Even before the House vote, however, the leader of the Senate promised that majority Democrats will scuttle the measure as soon as it reaches the chamber on Friday. Democrats there want a much larger infusion of disaster aid and they're angry over cuts totaling $1.6 trillion from clean energy programs -— and the strong-arm tactics being tried by the House.

According to Reid, the House-passed bill “is not an honest effort at compromise.” Therefore, he vowed “It will be rejected by the Senate.” And rejected it was.

It was the hope of the GOP that Senate Democrats would be forced into accepting the cuts to their favored programs. That did not happen.

 “We’re fed up with this,” said Senator Dick Durbin of Illinois, Democratic Whip. “They know what it takes for us to extend (stopgap funding) and keep the government in business. And this brinksmanship…we’re sick of it.”

He went on, “The Senate is ready to stay in Washington next week to do the work the American people expect us to do. And I hope the House Republican leadership will do the same.”

With the Senate rejecting the bill, the Federal Emergency Management Agency may be out of funds as early as next week.

Recognizing this impending reality, Boehner’s spokesman, Michael Steel, attempted to convince the Senate to forge ahead. “The Senate should pass this bill immediately, and the president should sign it, because any political games will delay FEMA money that suffering American families desperately need.”

FEMA’s funds sit at approximately $212 million, but the House passed bill would add $3.7 billion to it. The Senate proposed a separate measure that would provide $6.9 billion to FEMA’s disaster relief fund.
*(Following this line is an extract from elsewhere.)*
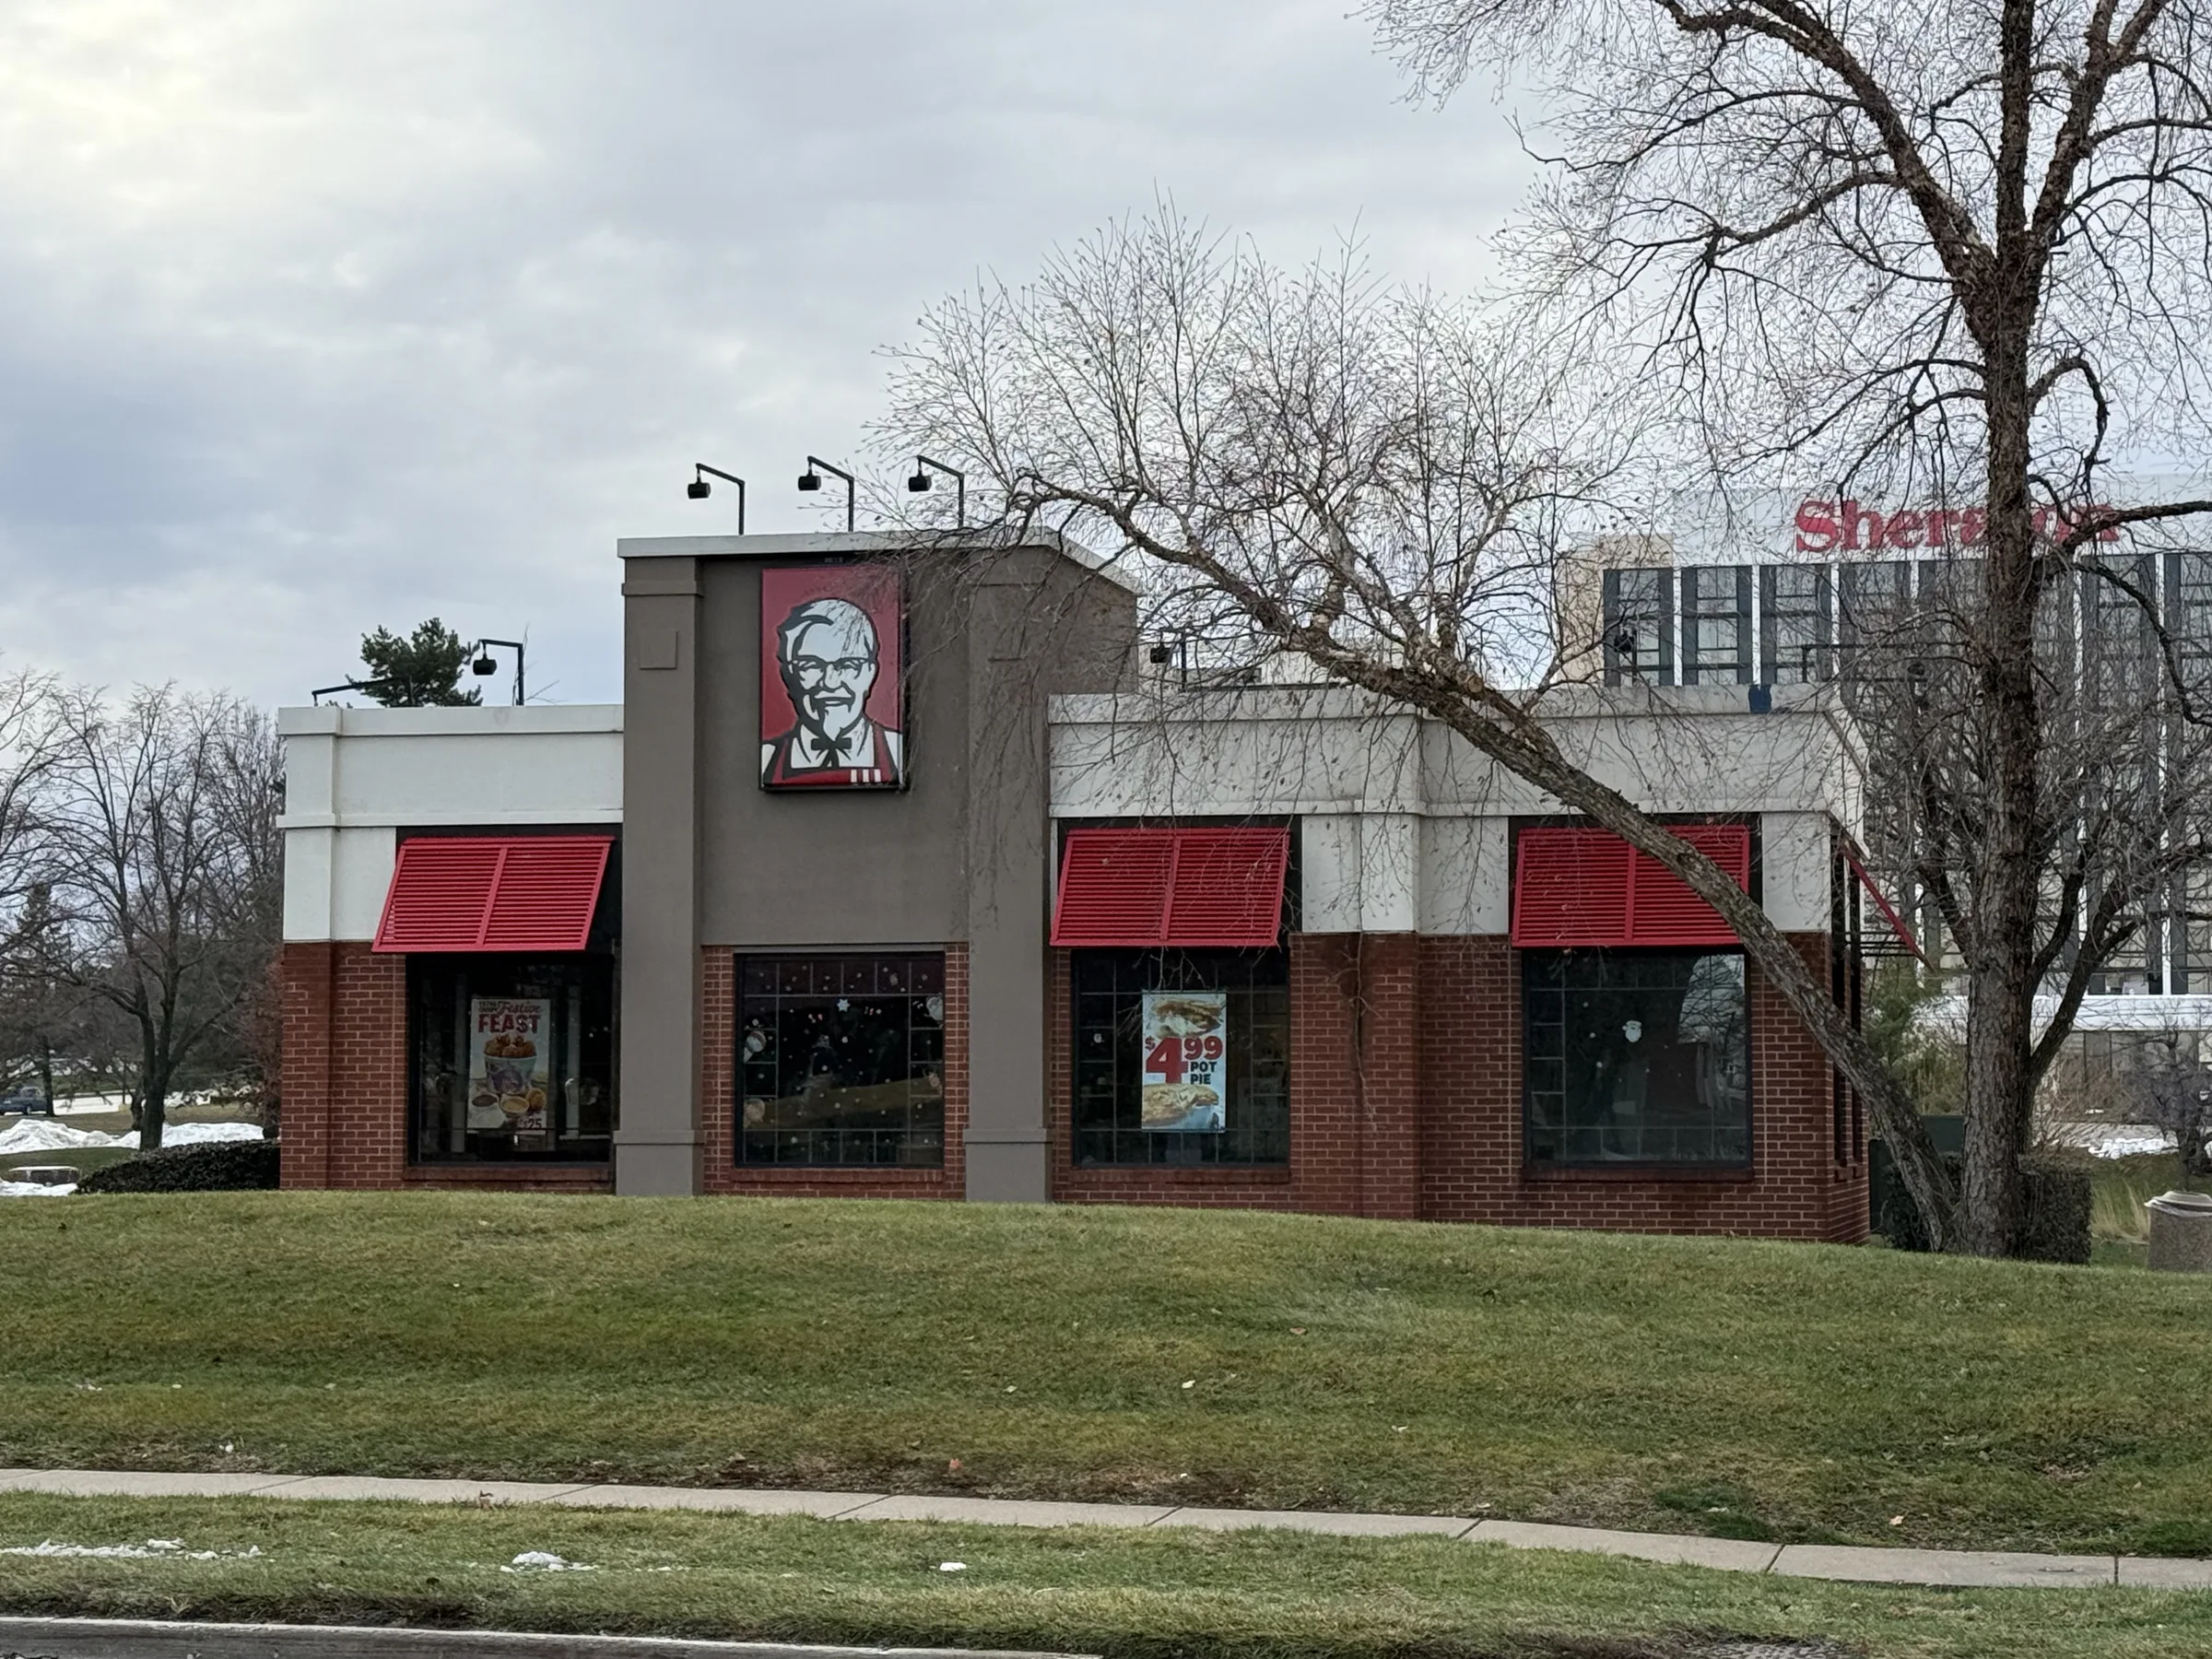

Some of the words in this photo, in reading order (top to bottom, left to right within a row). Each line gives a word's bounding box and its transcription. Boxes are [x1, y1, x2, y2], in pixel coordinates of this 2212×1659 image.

[1795, 499, 2119, 552] Sheraon
[477, 1014, 541, 1034] FEAST
[1190, 1061, 1218, 1073] POT
[1190, 1074, 1211, 1085] PIE
Meanwhile, the House stopgap spending bill would have kept the federal government running through November 18. The legislation includes a 1.5 percent cut on domestic and defense agencies in order to meet the target of $1.043 trillion for 2012.
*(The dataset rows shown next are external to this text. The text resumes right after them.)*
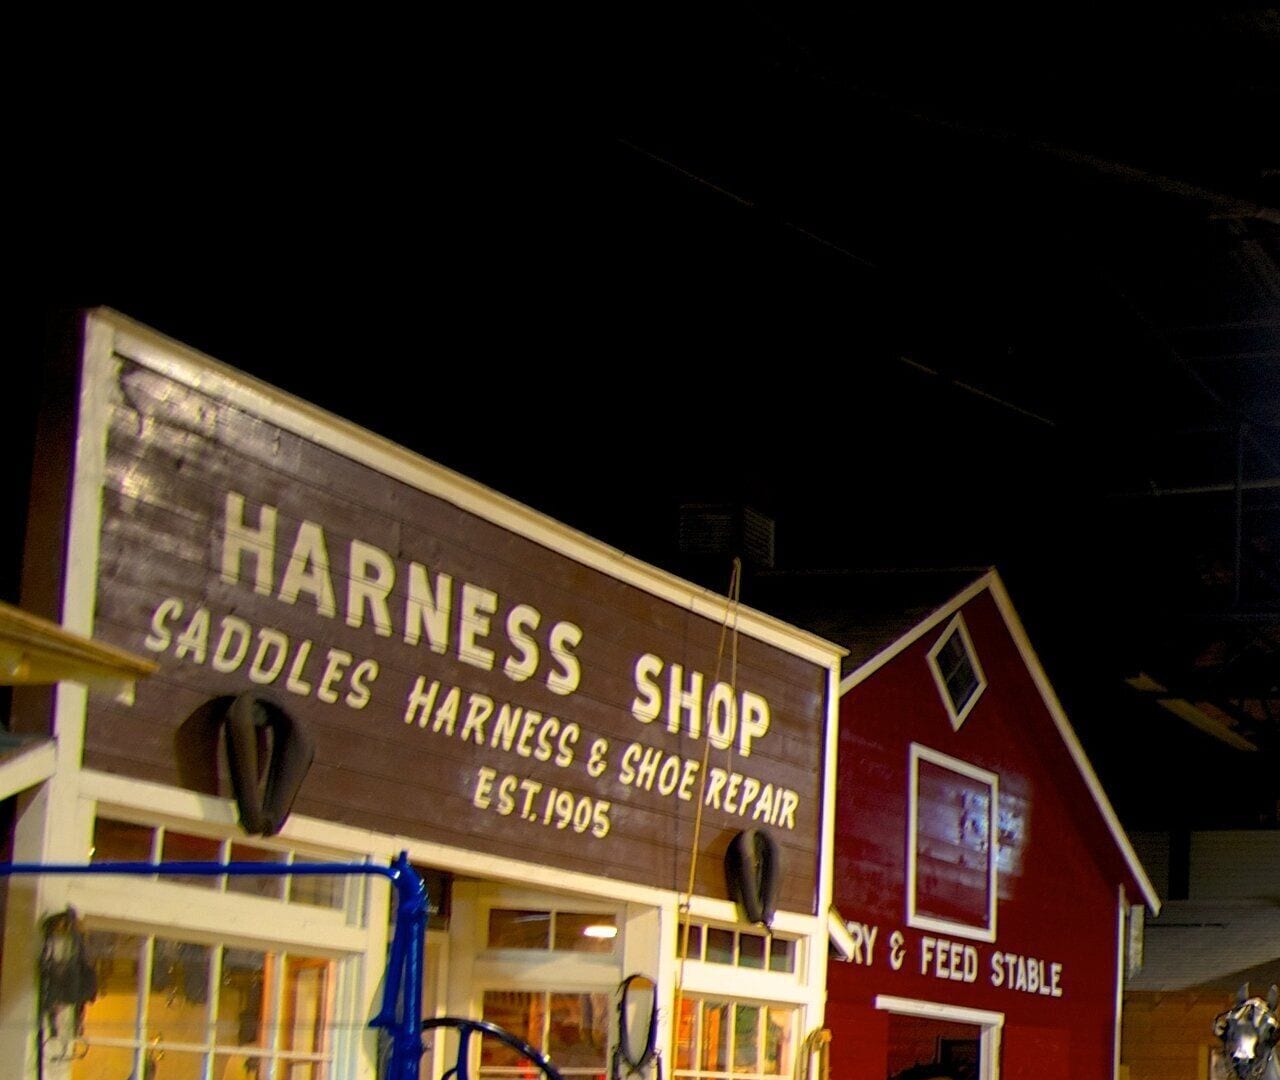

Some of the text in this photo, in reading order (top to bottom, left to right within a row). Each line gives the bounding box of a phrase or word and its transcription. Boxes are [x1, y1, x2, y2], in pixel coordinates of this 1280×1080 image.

[144, 597, 799, 830] SADDLES HARNESS & SHOE REPAIR
[220, 490, 771, 756] HARNESS SHOP
[889, 930, 906, 971] &
[921, 936, 978, 983] FEED
[990, 951, 1063, 997] STABLE
The failure of the House bill to pass the Senate is the start of the next showdown between House Republicans and Senate Democrats. Prior to the bill’s failure in the Senate, House Majority Whip Kevin McCarthy declared that the bill is a “great opportunity to move forward,” but Democratic Senator Ed Markey of Massachusetts said the GOP was “kneecapping” alternative energy initiatives and Rep. John Dingell accused Republicans of “busily burning our seed corn.”

Dingell went on, “The end result of this is we’re going to see advanced technology programs going to China instead of being made here.”

Senator Reid did attempt a compromise, however. Yahoo News reports:

Senate Majority Leader Harry Reid, D-Nev., offered a compromise Friday that would accept the House's lower level of disaster spending but lacked the loan program cuts. Republicans refused to let the chamber approve it, but the Senate will consider it Monday, when Republicans seem likely to prevent Democrats from getting the 60 votes they would need to prevail.

Last week, the Senate passed a spending bill that would provide $6.9 billion in disaster aid, without a single cut to pay for it. The bill had the support of 10 Republican Senators.

Senate Minority leader Mitch McConnell contends that the American people do not want to see any more money added to the deficit, even if it is for the touted purpose of “emergency spending.”

"If there's any lesson we can draw from the debates we've been having here over the last six months, it's that the American people won't accept that excuse anymore," McConnell said. "The whole, 'that's the way we've always done it' argument is the reason we've got a $14 trillion dollar debt right now."

Likewise, House Appropriations Committee Chairman Harold Rogers said, “The American people are sick and tired of political games. Shutting down the government and cutting off essential programs that our people rely on is bad enough, but leaving disaster-stricken families and communities in the lurch in their hour of greatest need is simply reprehensible.”